What is needed
Omitting all images, transcribe the entries word for word.

--

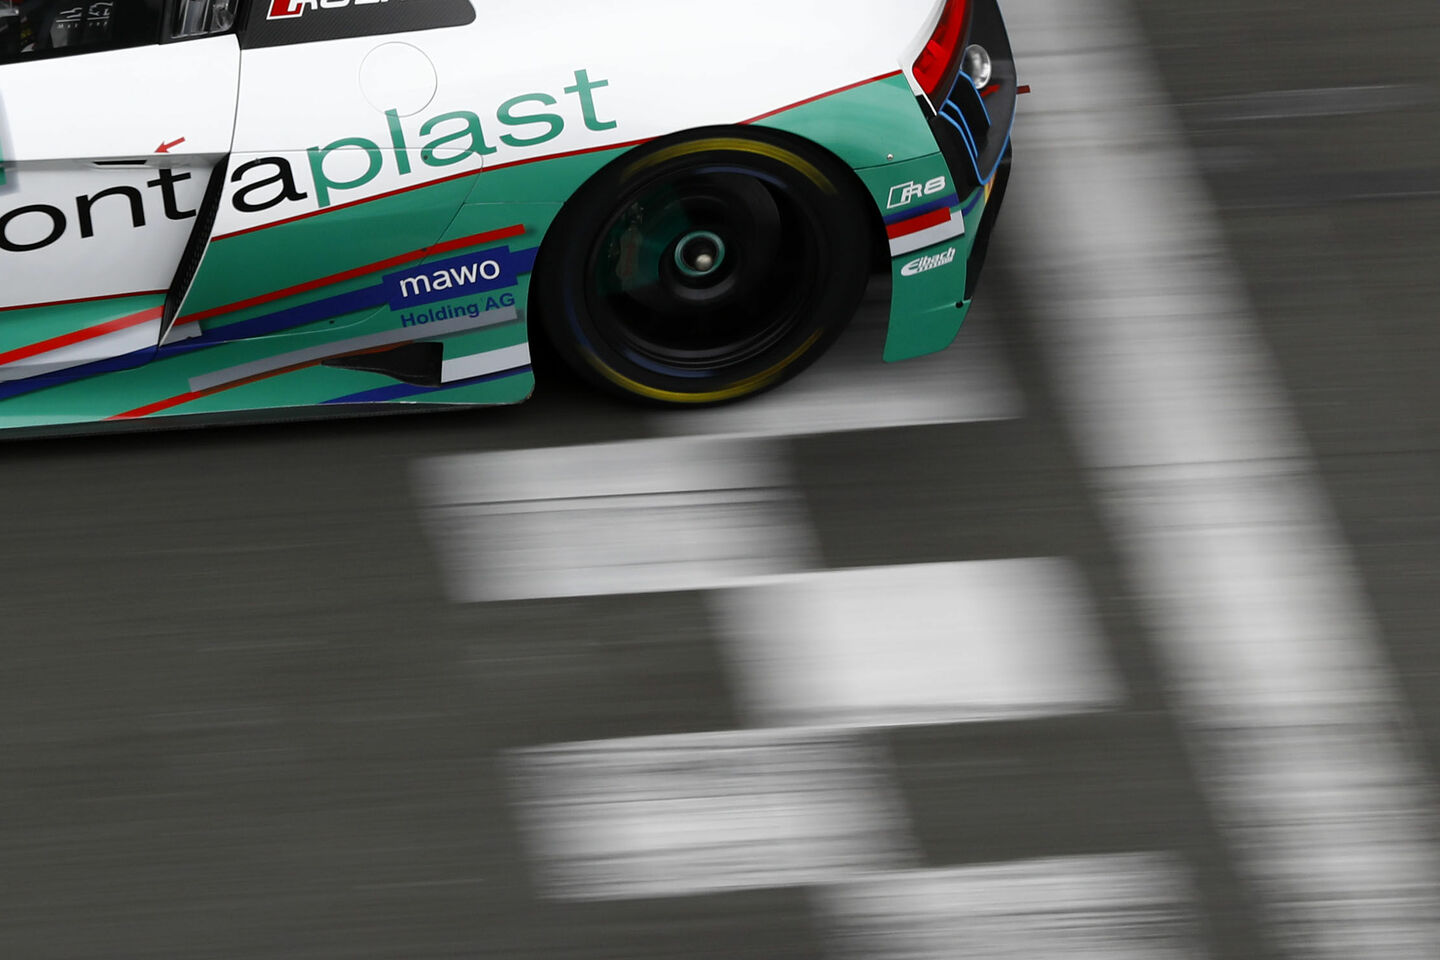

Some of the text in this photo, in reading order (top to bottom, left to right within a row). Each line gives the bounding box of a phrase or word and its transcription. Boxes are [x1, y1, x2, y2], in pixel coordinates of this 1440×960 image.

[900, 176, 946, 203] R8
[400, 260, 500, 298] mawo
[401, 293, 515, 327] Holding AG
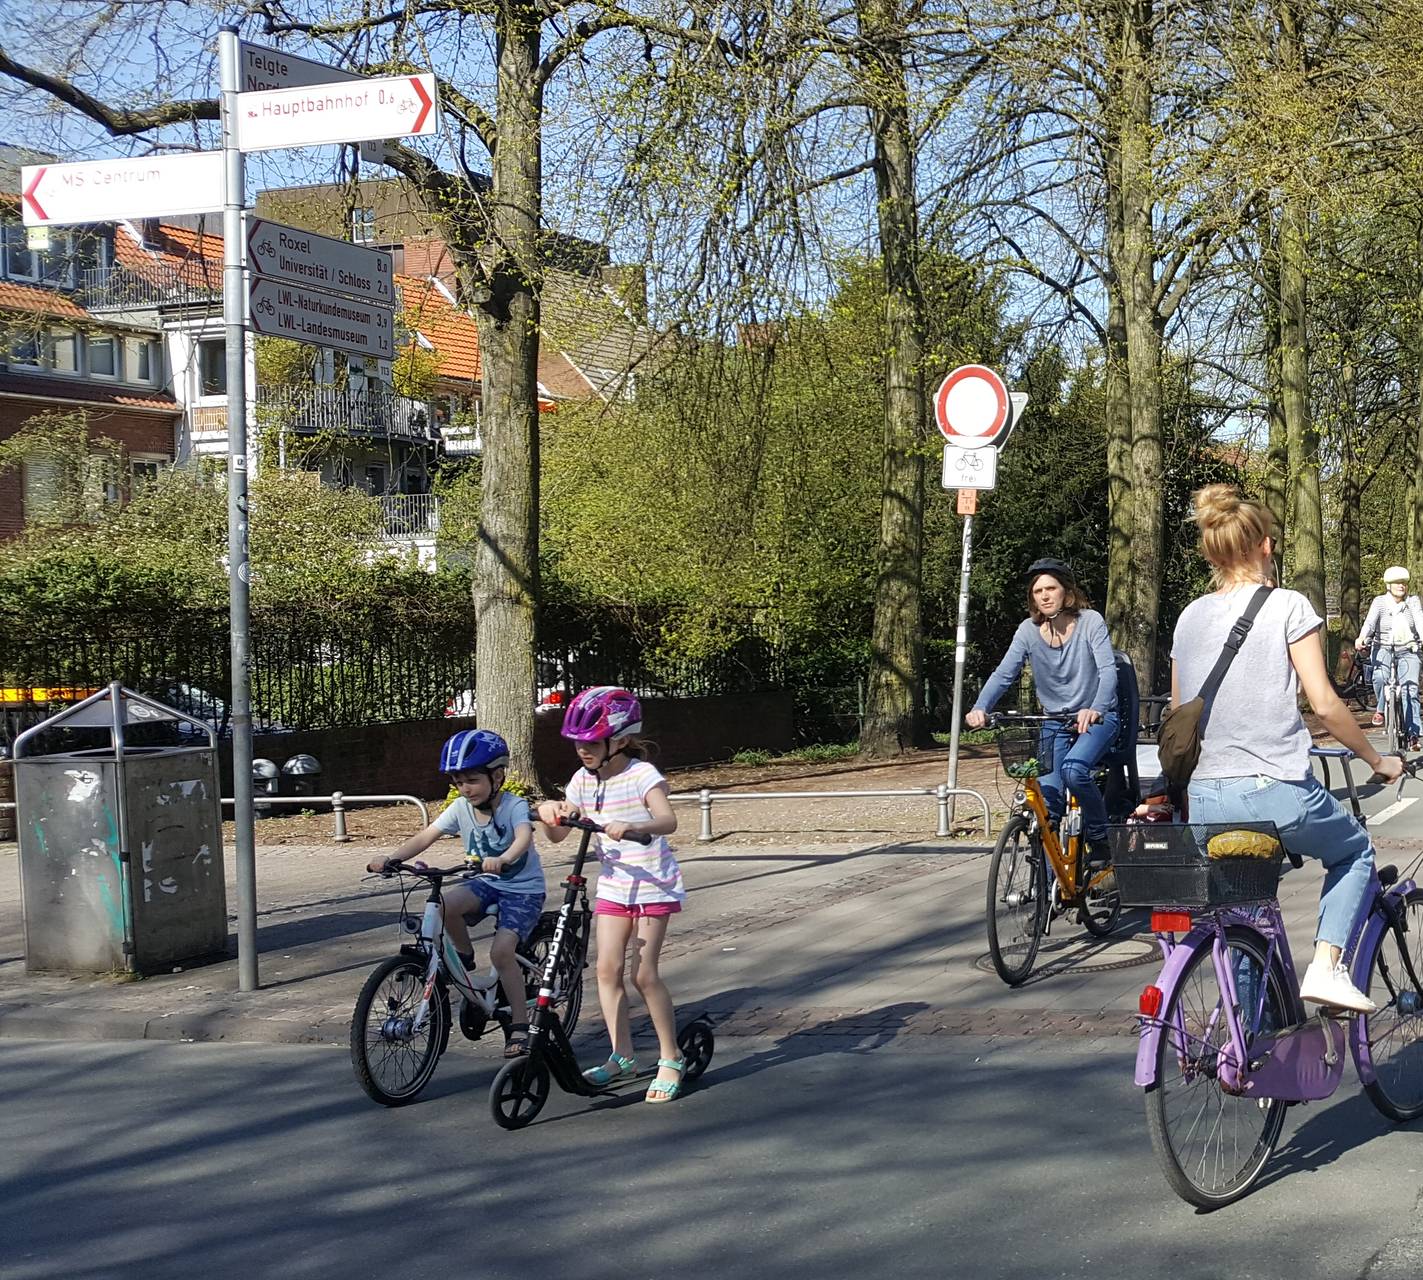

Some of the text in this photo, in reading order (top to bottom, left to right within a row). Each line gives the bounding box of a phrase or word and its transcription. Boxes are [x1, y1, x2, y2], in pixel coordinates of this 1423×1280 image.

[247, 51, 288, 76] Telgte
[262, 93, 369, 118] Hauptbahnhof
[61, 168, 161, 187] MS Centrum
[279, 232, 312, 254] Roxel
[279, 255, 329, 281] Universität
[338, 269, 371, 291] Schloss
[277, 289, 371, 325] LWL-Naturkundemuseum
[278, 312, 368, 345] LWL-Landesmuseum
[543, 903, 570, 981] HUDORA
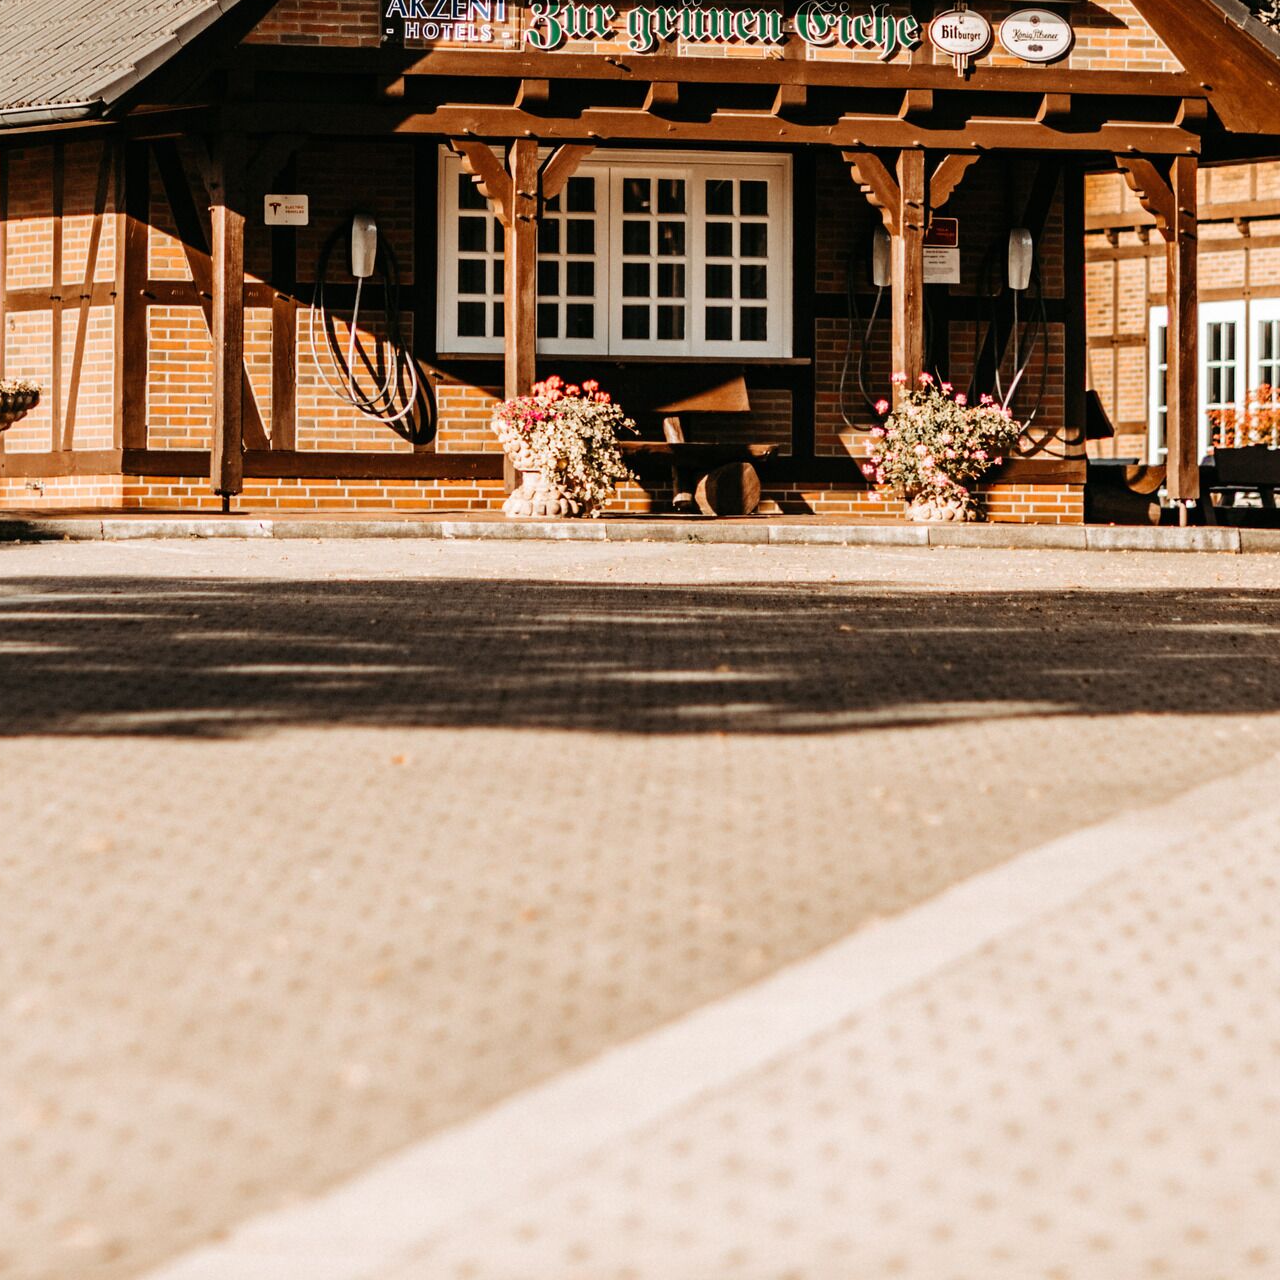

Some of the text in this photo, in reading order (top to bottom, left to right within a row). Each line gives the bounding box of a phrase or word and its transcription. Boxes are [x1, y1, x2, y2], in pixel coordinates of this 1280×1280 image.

--

Exercise solution
Some of the text in this photo, in reading order (top to bottom, left to right within a row). Each line gives the bounding box of a phrase or word and its transcription. Boxes are [x1, y1, x2, y2], in pixel coordinates of this 1440×960 image.

[900, 176, 946, 203] R8
[400, 260, 500, 298] mawo
[401, 293, 515, 327] Holding AG

Some of the text in this photo, in reading order (top to bottom, left to right within a row). Each line gives the bounding box of a phrase or word and its transcription. Boxes are [x1, y1, x2, y2], in pixel coordinates of this 1423×1280 image.

[247, 51, 288, 76] Telgte
[262, 93, 369, 118] Hauptbahnhof
[61, 168, 161, 187] MS Centrum
[279, 232, 312, 254] Roxel
[279, 255, 329, 281] Universität
[338, 269, 371, 291] Schloss
[277, 289, 371, 325] LWL-Naturkundemuseum
[278, 312, 368, 345] LWL-Landesmuseum
[543, 903, 570, 981] HUDORA

Some of the text in this photo, in reading order (top to bottom, left to right within a row). Each line gives the bounding box of a phrase or word and its transcription. Boxes are [x1, y1, x2, y2], in pixel coordinates of this 1280×1280 image.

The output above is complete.